** Data records **
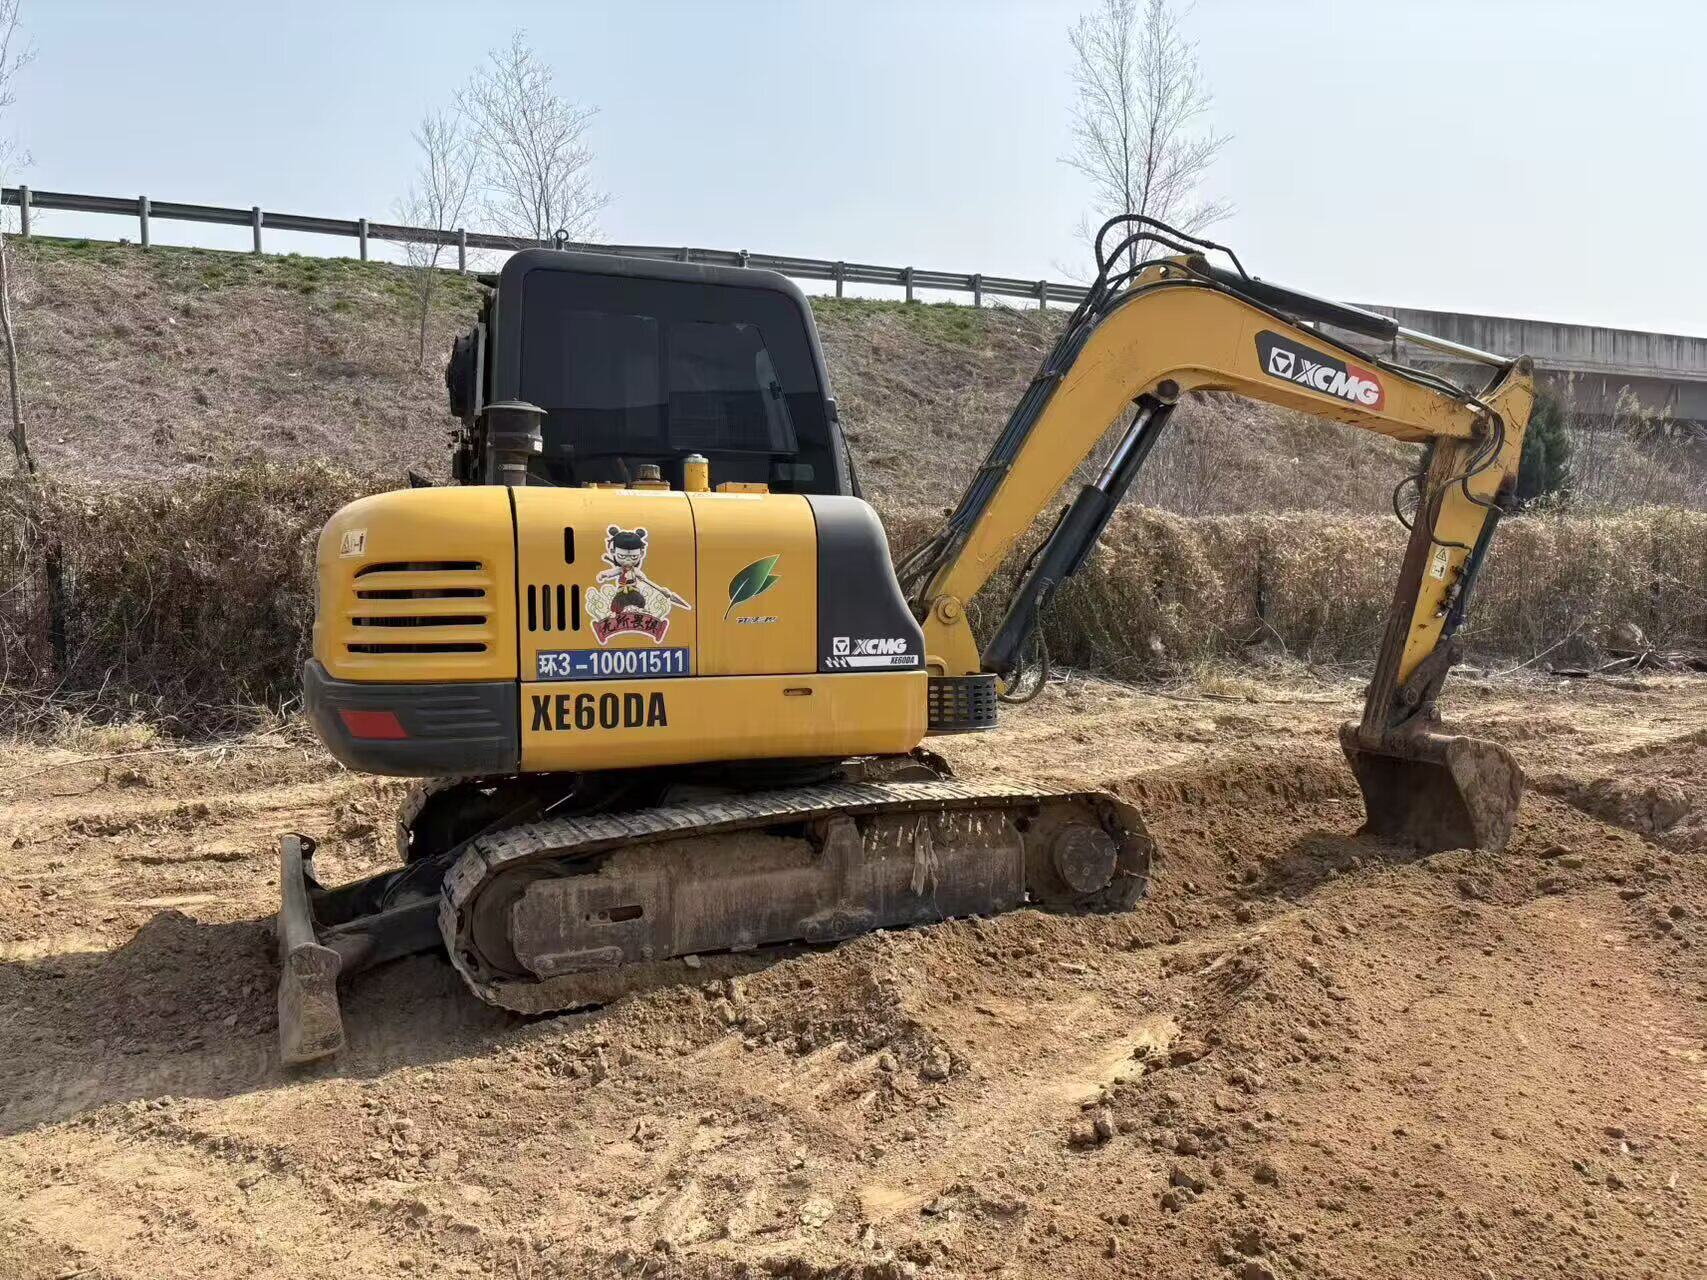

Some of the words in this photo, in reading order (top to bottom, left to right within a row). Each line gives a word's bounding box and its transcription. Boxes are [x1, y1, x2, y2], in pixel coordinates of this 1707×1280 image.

[1292, 358, 1380, 405] XCMG
[851, 638, 907, 655] XCMG
[531, 692, 668, 731] XE60DA
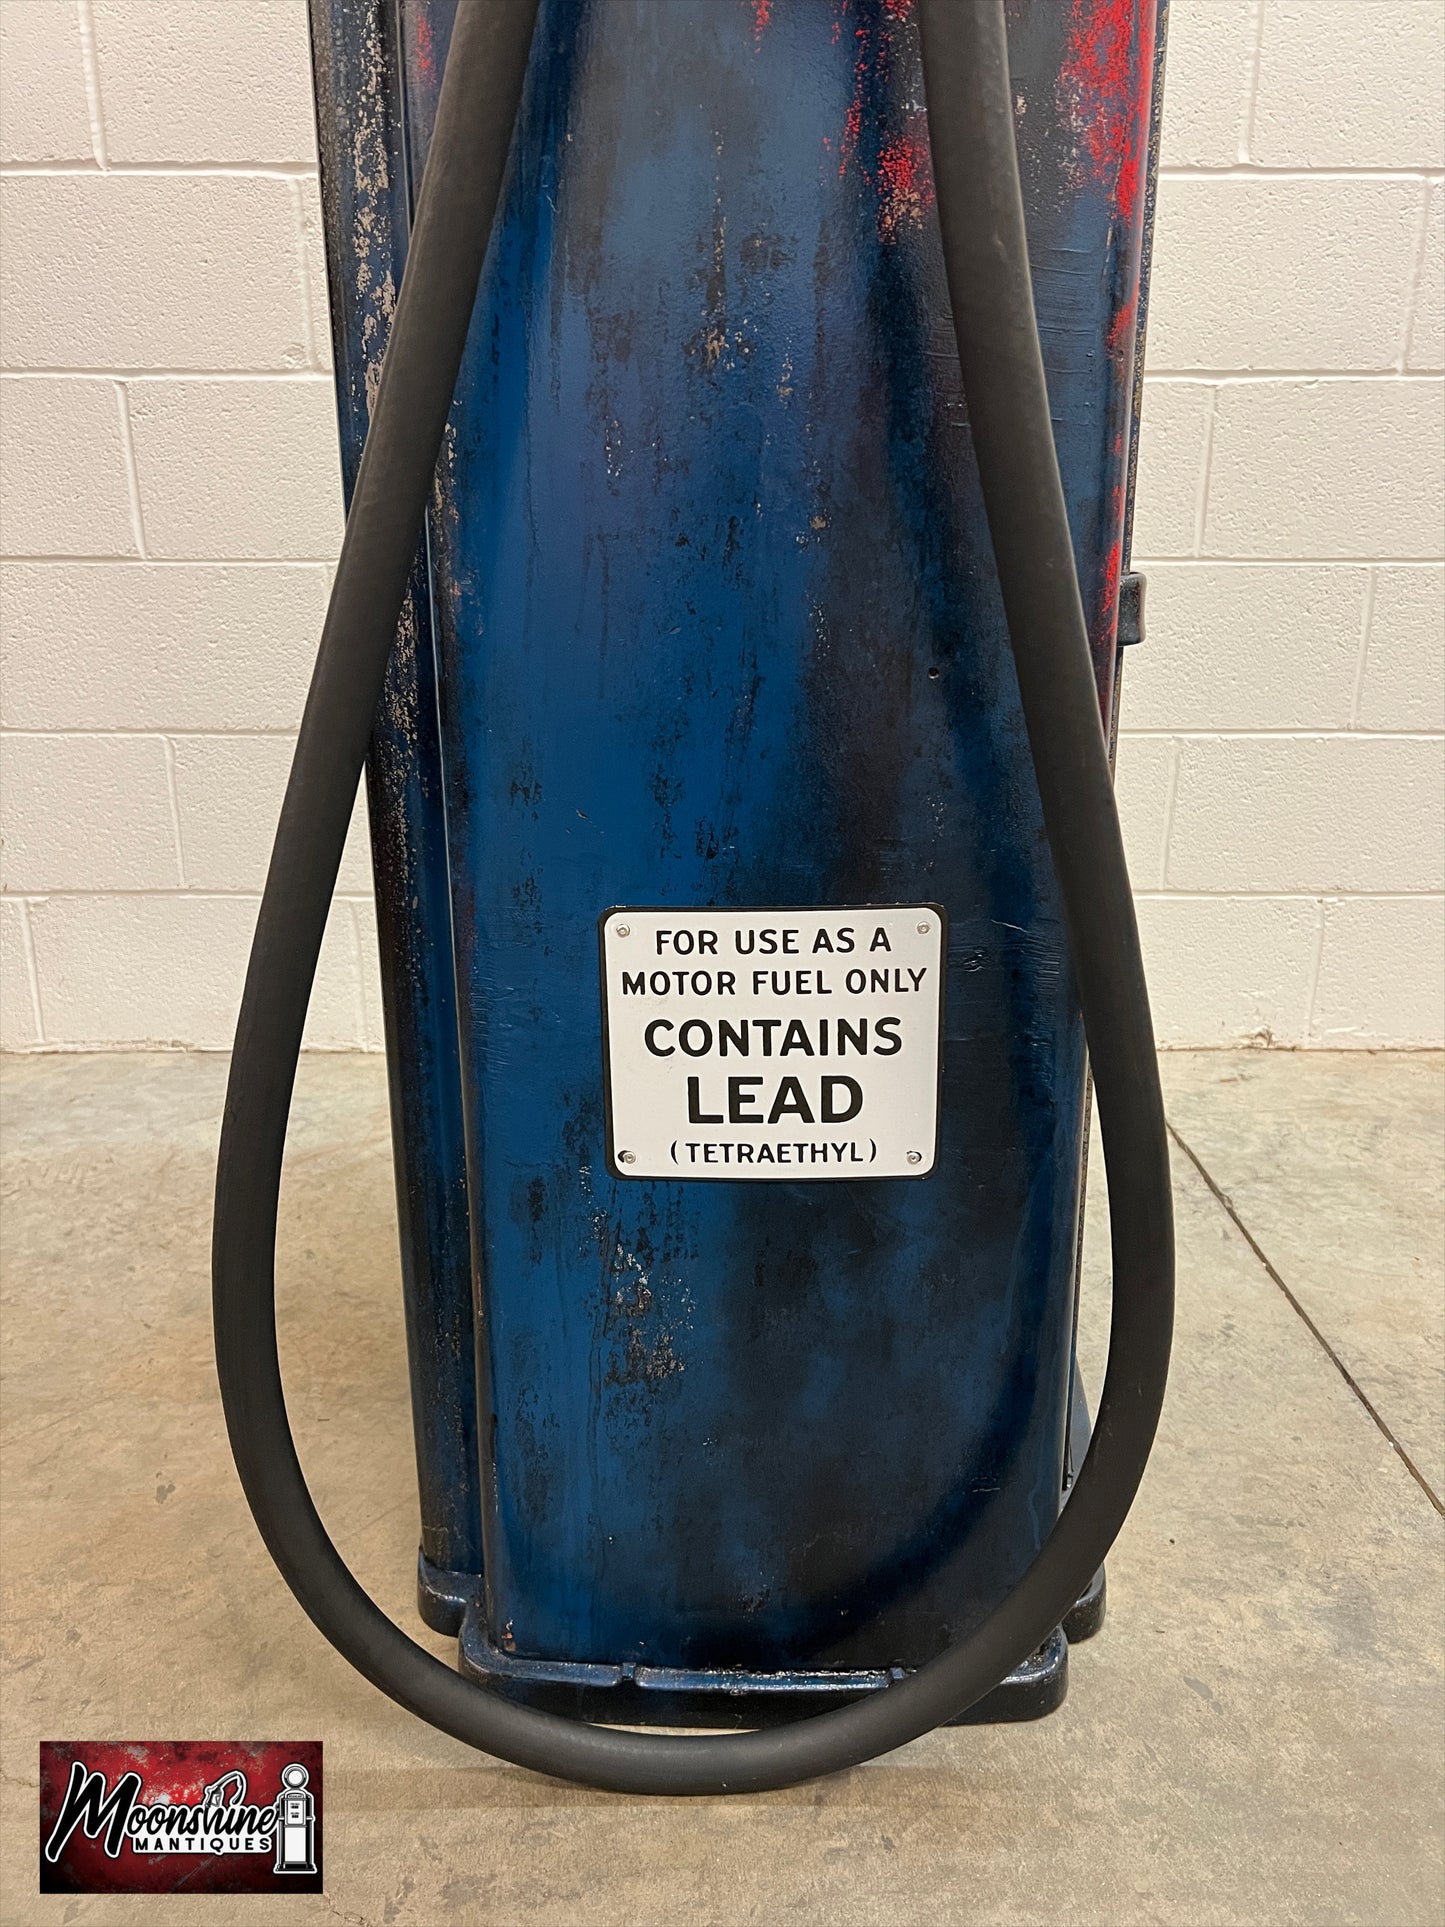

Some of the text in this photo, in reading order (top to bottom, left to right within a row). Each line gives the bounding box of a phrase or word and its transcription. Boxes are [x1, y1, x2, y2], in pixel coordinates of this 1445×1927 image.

[656, 927, 892, 955] FOR USE AS A
[622, 967, 927, 995] MOTOR FUEL ONLY
[644, 1016, 902, 1057] CONTAINS
[687, 1075, 864, 1124] LEAD

** What you should do **
Reproduce the whole listing verbatim and keep all pictures out of it.

** Result for this task **
Some of the words in this photo, in reading order (top to bottom, left to right within a row). Each line gives a word's bounding box and its transcription. Boxes are [x1, y1, x2, y2], in pixel coordinates of this 1707×1280 image.

[1292, 358, 1380, 405] XCMG
[851, 638, 907, 655] XCMG
[531, 692, 668, 731] XE60DA

Some of the text in this photo, in reading order (top to bottom, left to right within a row). Each line gives the bounding box of a phrase or word and its transcription. Boxes are [x1, y1, x2, y2], in pixel coordinates of this 1445×1927 image.

[656, 927, 892, 955] FOR USE AS A
[622, 967, 927, 995] MOTOR FUEL ONLY
[644, 1016, 902, 1057] CONTAINS
[687, 1075, 864, 1124] LEAD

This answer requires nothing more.